In order to supply some of the analytics behind kaChing we have a some nice number crunching processes working over piles of financial data. The end results are displayed on the site (e.g. the find investors page).
The post is about one of such services which for the sake of this post we’ll refer to as the SuperCruncher. In the first iteration we grabbed the data straight from the DB into the SuperCruncher. Needless to say, relational databases are not handling stress nicely and a pattern of fast iteration over all of the DB kills it very fast. Results of first iteration: 30 hours of computing.

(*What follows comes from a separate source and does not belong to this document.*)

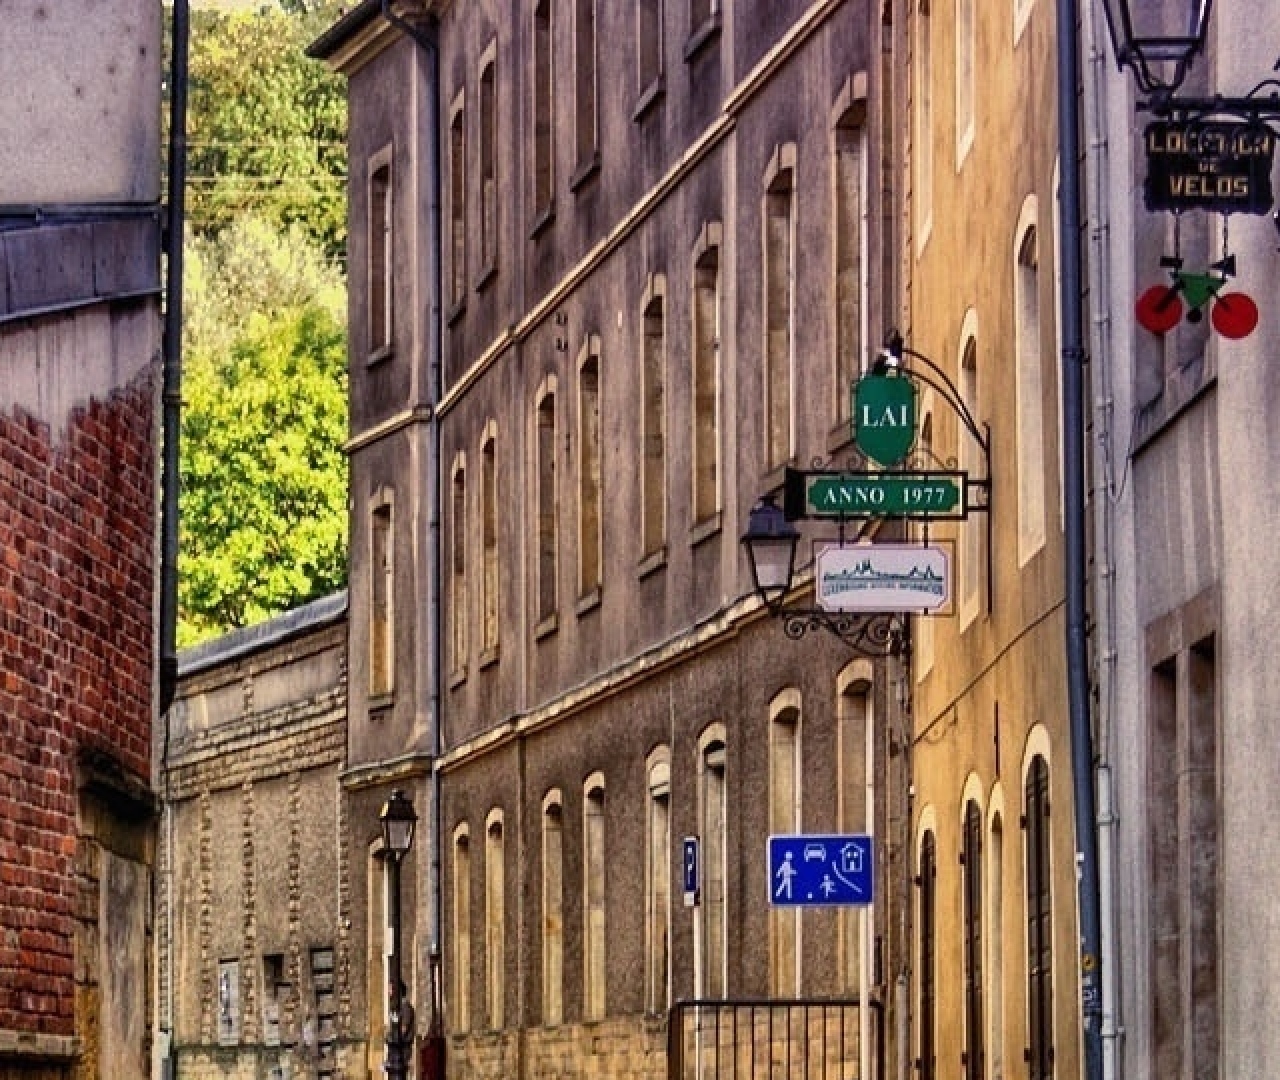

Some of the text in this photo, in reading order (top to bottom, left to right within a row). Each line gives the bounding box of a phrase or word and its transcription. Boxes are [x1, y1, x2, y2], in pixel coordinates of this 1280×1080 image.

[1170, 175, 1248, 196] VELOS
[863, 405, 907, 427] LAI
[824, 487, 945, 504] ANNO 1977

Since we couldn’t manage to squeeze more hours into the day we run a second iteration.
Voldemort & Protobuf for the rescue!
Though we have piles of data to compute, some of the data does not change though we do need to read it each time. We shoved the data into a Protobuf data structure which made the binary size considerably smaller, and pushed the protobuf into Voldemort. We used the Voldamort ProtoBufSerializer which provides an extremely simple way to store and use protobufs.
So essentially Voldemort in this case is used as a persistent cache to store normalized data. When reading the date the SuperCruncher first check it it exist in the naturally sharded Voldemort cluster and gets the delta from the DB.
Using Voldemort and Protobuf the I/O problem vanished, the SuperCruncher became four times faster (!) and bounced the performance ball back to the CPU. Cutting down CPU time is usually easier then cutting on I/O and indeed we managed to make the running time considerably faster in later iterations (hint: Joda Time & GC).